<<<<

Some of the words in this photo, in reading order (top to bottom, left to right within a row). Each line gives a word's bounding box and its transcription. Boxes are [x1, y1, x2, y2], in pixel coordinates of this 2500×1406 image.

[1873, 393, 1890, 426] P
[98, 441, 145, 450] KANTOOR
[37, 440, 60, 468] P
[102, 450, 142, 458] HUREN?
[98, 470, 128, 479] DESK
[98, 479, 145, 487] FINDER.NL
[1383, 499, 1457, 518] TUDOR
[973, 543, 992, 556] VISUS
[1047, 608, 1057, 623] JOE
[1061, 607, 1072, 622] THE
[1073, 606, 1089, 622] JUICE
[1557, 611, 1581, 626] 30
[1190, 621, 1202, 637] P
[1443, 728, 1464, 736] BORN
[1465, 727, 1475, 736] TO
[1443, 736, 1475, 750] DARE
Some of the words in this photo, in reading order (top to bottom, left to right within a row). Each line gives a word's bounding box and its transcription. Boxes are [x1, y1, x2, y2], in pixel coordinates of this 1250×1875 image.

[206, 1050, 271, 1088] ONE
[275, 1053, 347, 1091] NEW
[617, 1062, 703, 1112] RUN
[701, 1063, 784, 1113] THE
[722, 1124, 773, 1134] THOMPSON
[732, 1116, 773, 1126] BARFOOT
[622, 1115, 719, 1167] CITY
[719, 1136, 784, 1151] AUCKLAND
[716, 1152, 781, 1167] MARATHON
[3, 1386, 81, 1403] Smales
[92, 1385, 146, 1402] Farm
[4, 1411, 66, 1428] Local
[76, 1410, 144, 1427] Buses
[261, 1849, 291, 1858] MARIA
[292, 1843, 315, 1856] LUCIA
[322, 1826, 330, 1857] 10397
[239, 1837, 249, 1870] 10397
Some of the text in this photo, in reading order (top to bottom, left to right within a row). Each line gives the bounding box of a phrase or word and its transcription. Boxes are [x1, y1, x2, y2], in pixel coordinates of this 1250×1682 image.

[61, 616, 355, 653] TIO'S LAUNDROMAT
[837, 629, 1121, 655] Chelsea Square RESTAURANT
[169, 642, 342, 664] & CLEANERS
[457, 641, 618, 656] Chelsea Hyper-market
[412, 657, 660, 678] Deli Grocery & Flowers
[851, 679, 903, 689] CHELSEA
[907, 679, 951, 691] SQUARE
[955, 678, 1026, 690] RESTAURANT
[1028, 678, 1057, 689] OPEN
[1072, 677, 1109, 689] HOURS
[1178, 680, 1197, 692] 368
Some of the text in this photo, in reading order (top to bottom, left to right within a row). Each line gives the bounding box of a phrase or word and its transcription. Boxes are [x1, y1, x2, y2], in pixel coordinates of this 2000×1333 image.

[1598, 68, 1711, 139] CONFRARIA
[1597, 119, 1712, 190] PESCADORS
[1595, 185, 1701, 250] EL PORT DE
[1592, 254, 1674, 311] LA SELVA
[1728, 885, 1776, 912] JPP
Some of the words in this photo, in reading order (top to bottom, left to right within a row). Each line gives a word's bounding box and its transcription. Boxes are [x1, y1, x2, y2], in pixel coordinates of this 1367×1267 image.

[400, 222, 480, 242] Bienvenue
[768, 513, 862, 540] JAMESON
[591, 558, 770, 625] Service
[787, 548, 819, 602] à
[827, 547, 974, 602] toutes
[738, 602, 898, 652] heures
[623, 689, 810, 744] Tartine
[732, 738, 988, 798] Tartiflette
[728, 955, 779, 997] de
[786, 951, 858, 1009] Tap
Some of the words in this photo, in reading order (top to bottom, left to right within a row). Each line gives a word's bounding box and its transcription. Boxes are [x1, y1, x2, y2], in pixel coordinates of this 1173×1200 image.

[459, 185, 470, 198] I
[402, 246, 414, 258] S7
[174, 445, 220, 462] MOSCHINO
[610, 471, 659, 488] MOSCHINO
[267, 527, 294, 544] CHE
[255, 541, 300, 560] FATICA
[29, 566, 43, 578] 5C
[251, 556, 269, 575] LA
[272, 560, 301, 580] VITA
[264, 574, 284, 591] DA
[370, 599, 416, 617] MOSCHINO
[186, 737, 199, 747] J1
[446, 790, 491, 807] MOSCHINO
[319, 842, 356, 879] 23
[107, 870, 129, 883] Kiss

>>>>

_Instructions for the task_
Your answer is the line containing "this 1367×1267 image." plus every line after it through the end of the entries, given again exactly and alone.

_Exercise solution_
Some of the words in this photo, in reading order (top to bottom, left to right within a row). Each line gives a word's bounding box and its transcription. Boxes are [x1, y1, x2, y2], in pixel coordinates of this 1367×1267 image.

[400, 222, 480, 242] Bienvenue
[768, 513, 862, 540] JAMESON
[591, 558, 770, 625] Service
[787, 548, 819, 602] à
[827, 547, 974, 602] toutes
[738, 602, 898, 652] heures
[623, 689, 810, 744] Tartine
[732, 738, 988, 798] Tartiflette
[728, 955, 779, 997] de
[786, 951, 858, 1009] Tap
Some of the words in this photo, in reading order (top to bottom, left to right within a row). Each line gives a word's bounding box and its transcription. Boxes are [x1, y1, x2, y2], in pixel coordinates of this 1173×1200 image.

[459, 185, 470, 198] I
[402, 246, 414, 258] S7
[174, 445, 220, 462] MOSCHINO
[610, 471, 659, 488] MOSCHINO
[267, 527, 294, 544] CHE
[255, 541, 300, 560] FATICA
[29, 566, 43, 578] 5C
[251, 556, 269, 575] LA
[272, 560, 301, 580] VITA
[264, 574, 284, 591] DA
[370, 599, 416, 617] MOSCHINO
[186, 737, 199, 747] J1
[446, 790, 491, 807] MOSCHINO
[319, 842, 356, 879] 23
[107, 870, 129, 883] Kiss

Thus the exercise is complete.